Agorde was not the only “target of the execution,” Carmelo claimed. Days before the murder, “suspicious unfamiliar faces” followed Carmelo and other peasant leaders while attending a wedding celebration, but villagers alerted the leaders and kept them in a safe place.

Agorde was the auditor of peasant group MAILUMINADO, which Carmelo heads. “As early as last year, we received death threats and intimidation,” Carmelo said.

Decades-old dispute

Pahilga looked disappointed after hearing Carmelo’s narration, but all he can do was to listen to the farmer. The hands of the DAR are tied on the killing of Agorde because it is a police matter, but DAR officials can do something about the land dispute, which farmers believed to be the motive for the killing.

CONCERN. Farmer leader Celio Carmelo and Father Edwin Gariguez, Caritas Philippines executive secretary, during the dialogue with agrarian reform officials. Photo by Mark Z. Saludes/Rappler

But even if the DAR wanted to immediately award the land to the  farmers, legal remedies are still available to the landowners. In addition, a state-run university was involved.

Carmelo said they believed that the series of harassment against leaders and members of the peasant group stemmed from their claim to more than 5,000 hectares of agricultural land against the University of Southern Mindanao (USM). “It is their way to silence us,” he alleged.

On June 20, 1952, President Elpidio Quirino signed Republic Act Number 763, creating the Mindanao Institute of Technology, later renamed the University of Southern Mindanao. Its main campus spanned 1,000 hectares in Kabacan town.

After 5 years, President Carlos P Garcia issued a presidential proclamation allotting 7,200 more hectares as a reservation area for USM. 

The reservation, located in President Roxas and Arakan towns, is 67.5 kilometers away from the USM main campus in Kabacan. 

Prior to the proclamation, it was already inhabited by indigenous people, Muslims, and pioneer Christian settlers. Its fertile soil, bountiful resources, and good climate drew farmers to the area.

Carmelo’s father was one of the first inhabitants of the reserve who opposed the proclamation. “Although it was clear to them that it is a public land, they were already tilling the land even before the creation of the school,” said Carmelo.
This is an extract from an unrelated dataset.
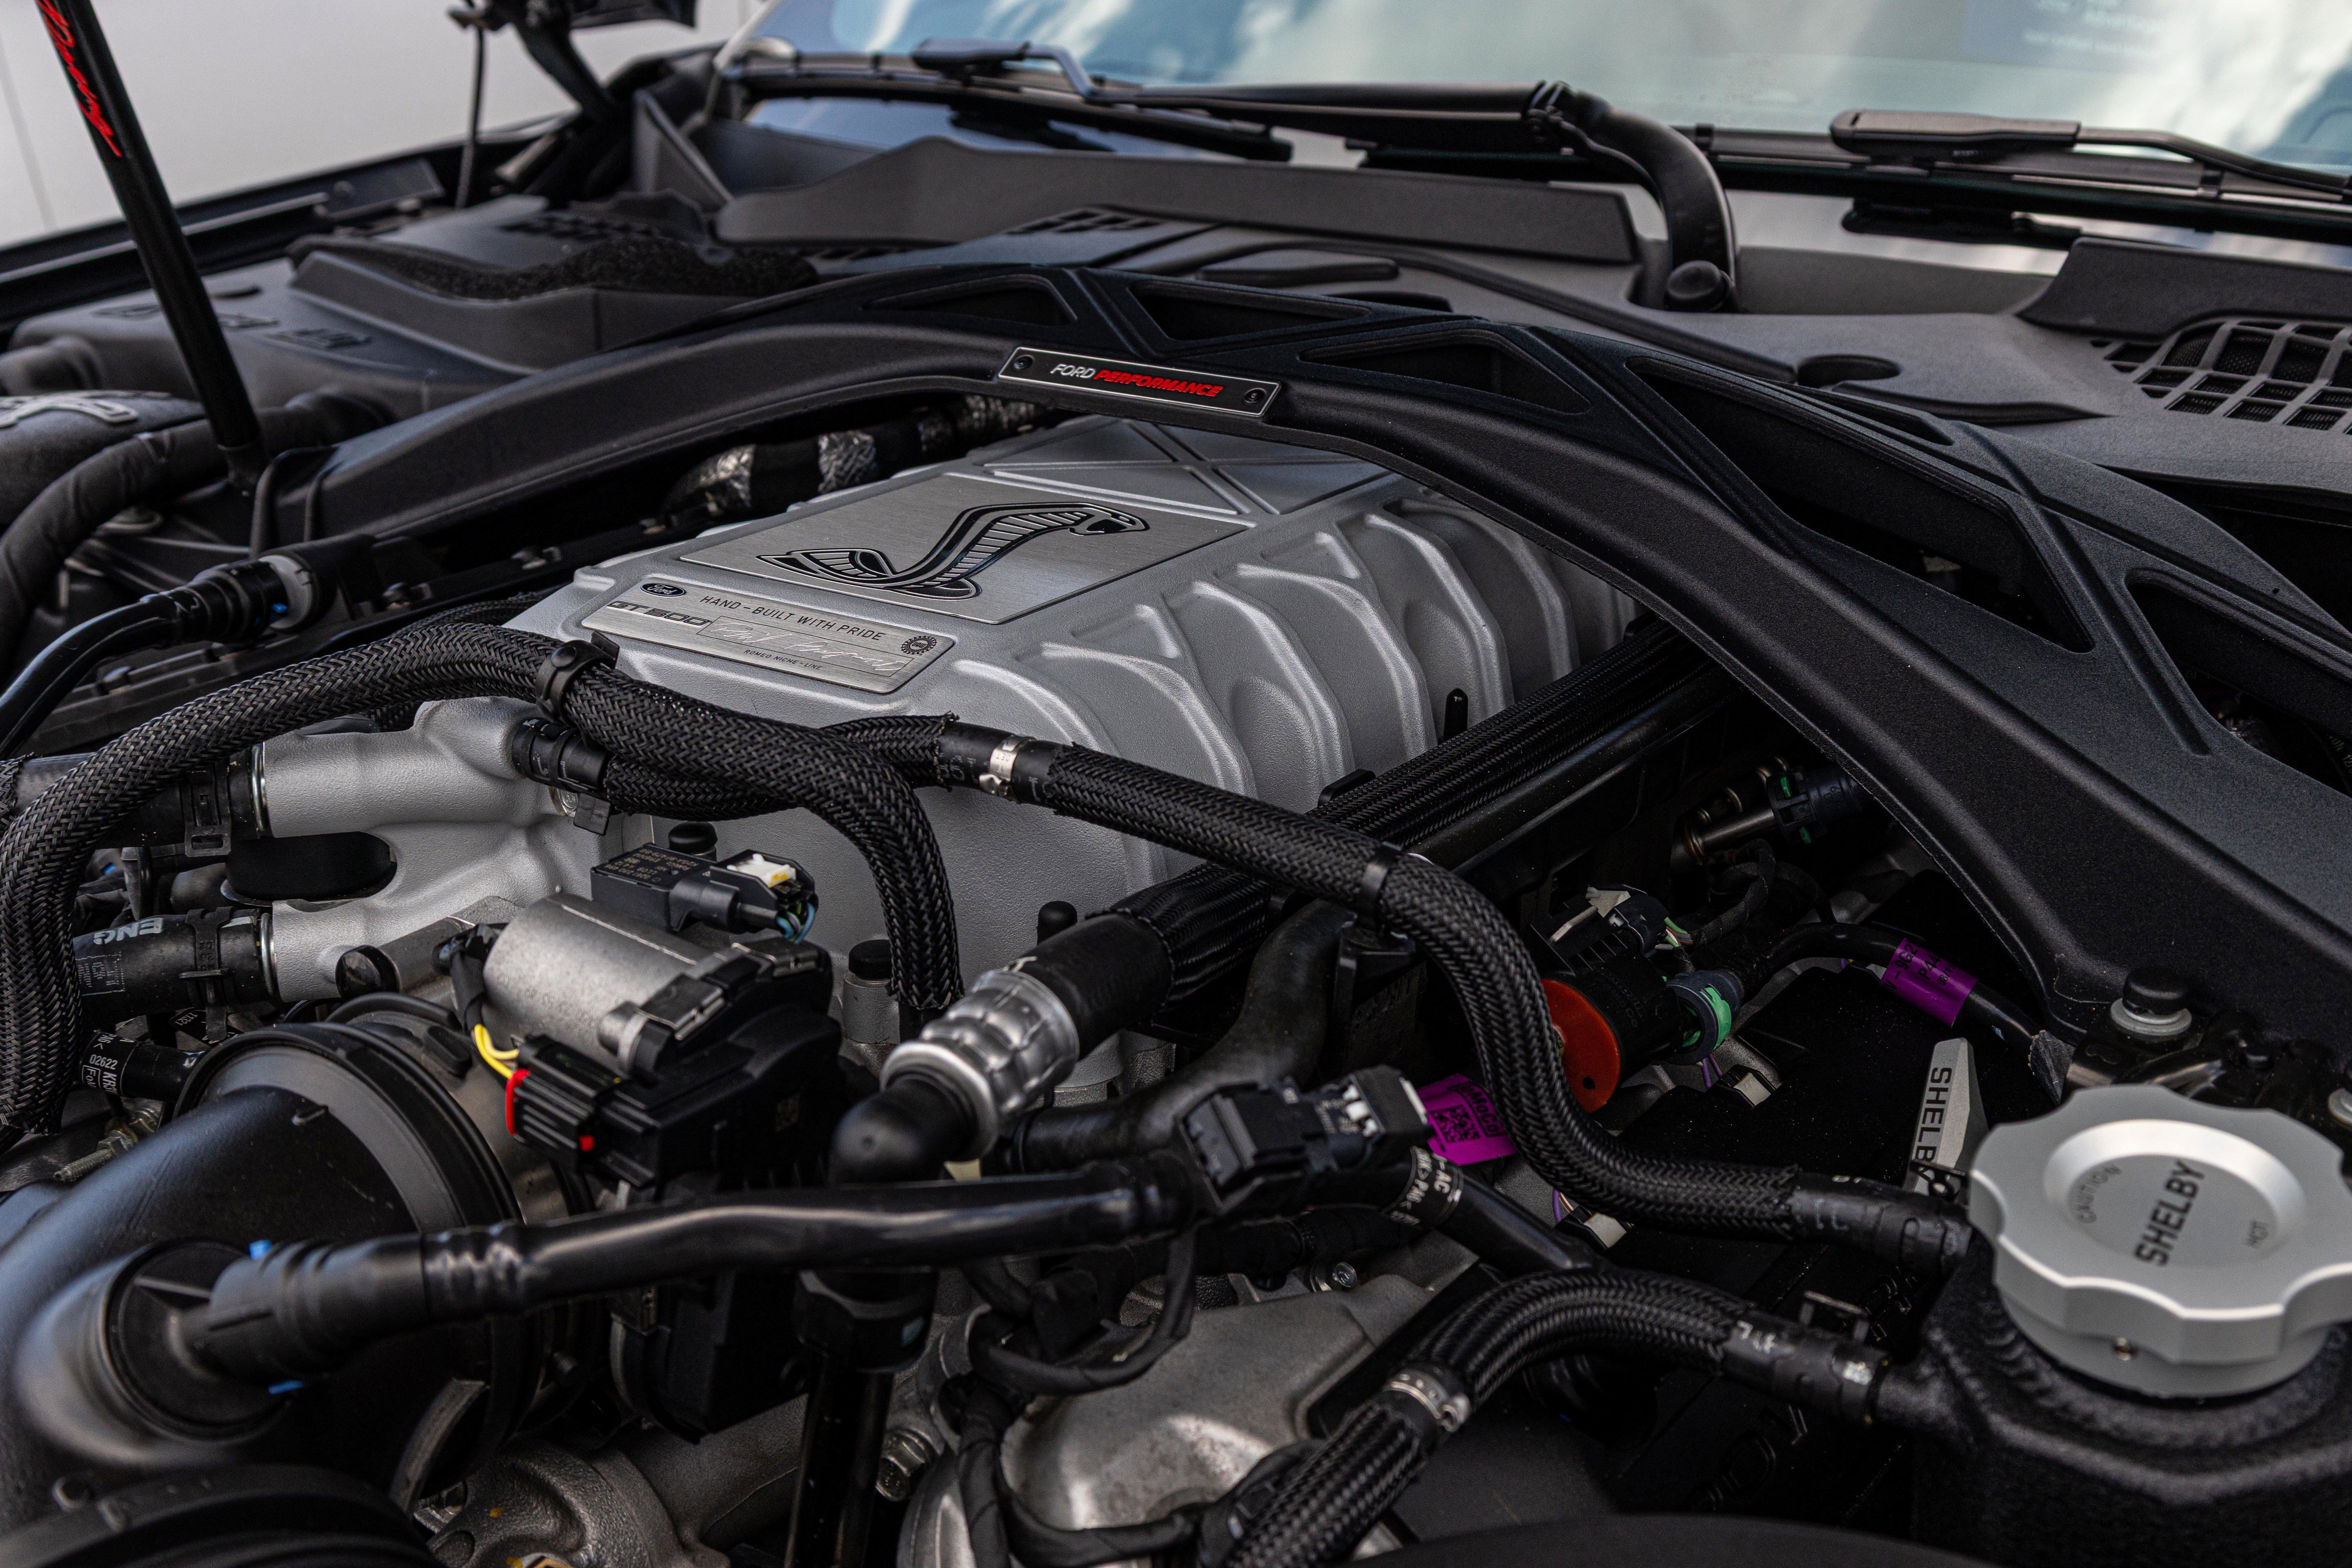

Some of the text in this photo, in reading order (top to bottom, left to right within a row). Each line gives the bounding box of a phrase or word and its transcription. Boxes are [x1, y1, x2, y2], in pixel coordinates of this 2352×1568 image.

According to an agrarian reform document obtained by, only 1,140 hectares of the total 5,018 hectares of the USM reservation area are being used. At least 3,800 hectares are “no longer actually, directly, and exclusively used or necessary for the purpose for which it had been reserved.”

Under Philippine laws, if government reserved lands are “no longer used or necessary for the purpose for which it was reserved,” and it is “suitable for agriculture,” the DAR has the mandate to “acquire and distribute to qualified beneficiaries under the Comprehensive Agrarian Reform Program.”

After negotiations between DAR and the school, all parties agreed to initiate “a transfer of the unutilized portion for distribution” to farmer-occupants.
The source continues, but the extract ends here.